_TASK INPUT_.
##############################

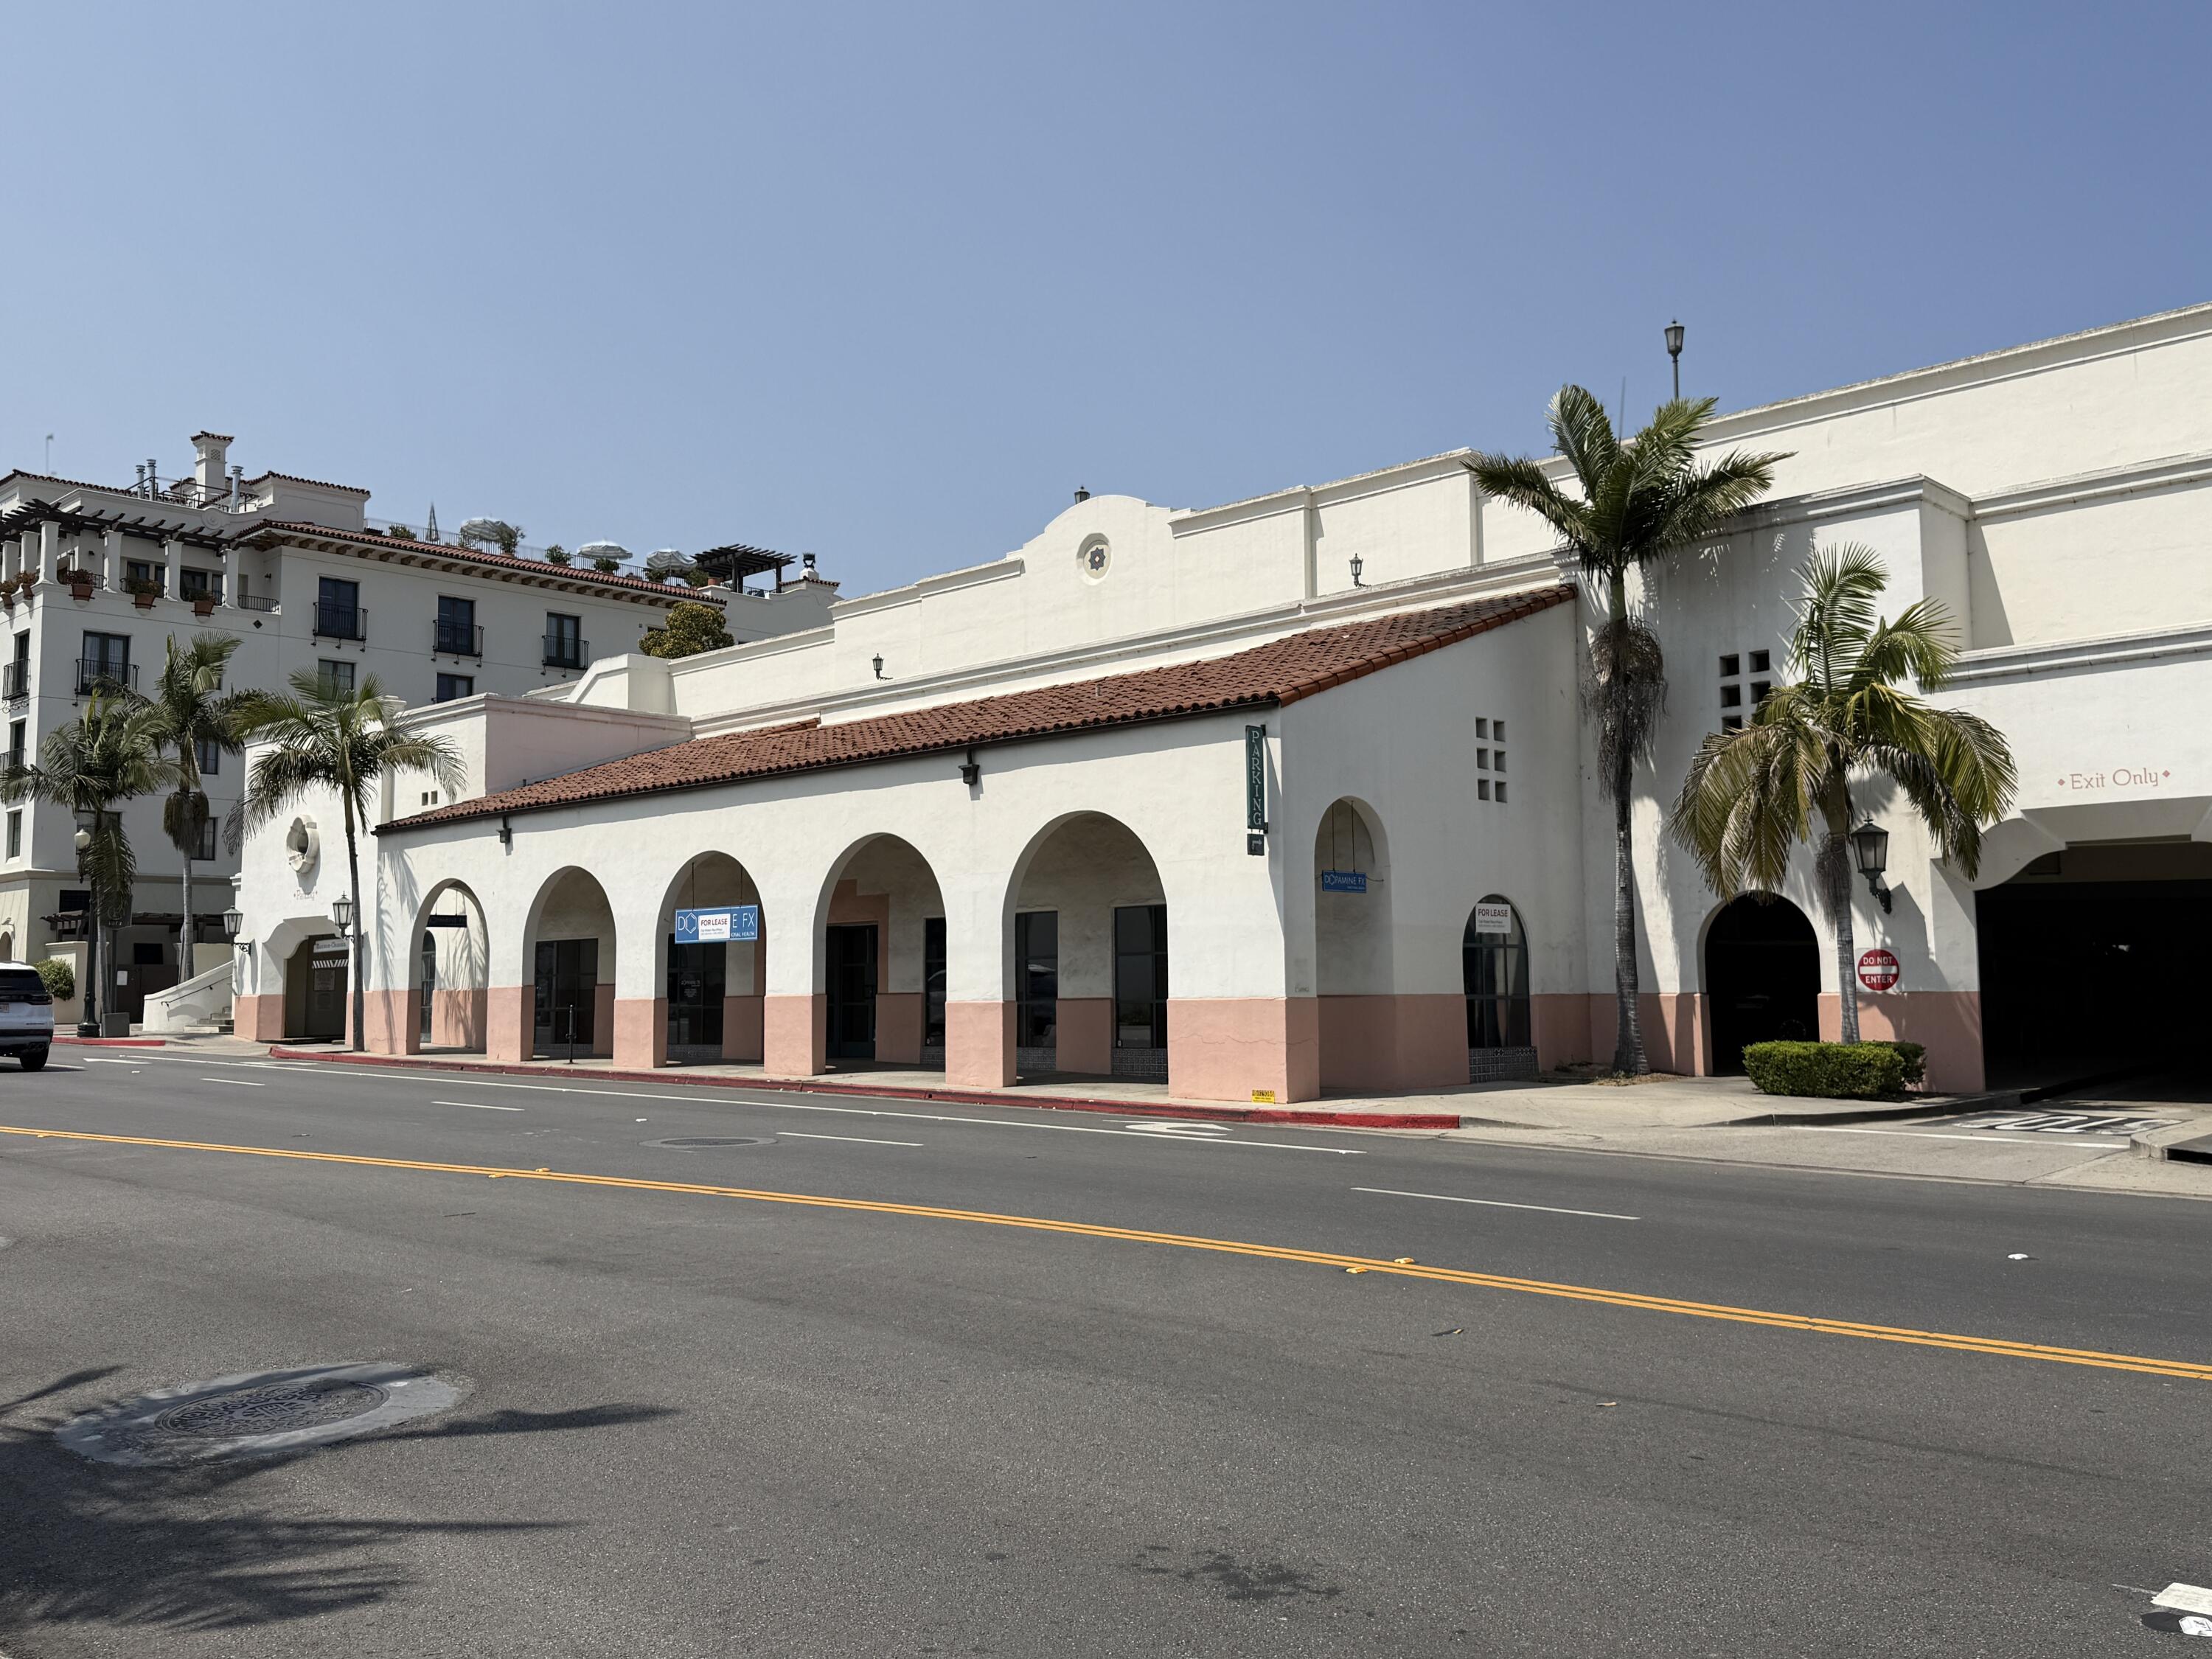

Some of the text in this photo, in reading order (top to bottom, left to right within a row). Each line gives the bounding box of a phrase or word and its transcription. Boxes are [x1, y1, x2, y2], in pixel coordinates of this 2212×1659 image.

[1251, 730, 1262, 826] PARKING
[2069, 768, 2159, 790] Exit Only
[1324, 874, 1365, 886] DOPAMINE FX
[1478, 908, 1508, 917] FOR LEASE
[742, 913, 755, 928] FX
[1863, 956, 1893, 965] DO NOT
[1865, 975, 1893, 984] ENTER

##############################

_WHAT TO PRODUCE_. The answer is the listing above restated word for word, pictures removed.

_SOLUTION FOR THIS PROBLEM_.
Some of the text in this photo, in reading order (top to bottom, left to right within a row). Each line gives the bounding box of a phrase or word and its transcription. Boxes are [x1, y1, x2, y2], in pixel coordinates of this 2212×1659 image.

[1251, 730, 1262, 826] PARKING
[2069, 768, 2159, 790] Exit Only
[1324, 874, 1365, 886] DOPAMINE FX
[1478, 908, 1508, 917] FOR LEASE
[742, 913, 755, 928] FX
[1863, 956, 1893, 965] DO NOT
[1865, 975, 1893, 984] ENTER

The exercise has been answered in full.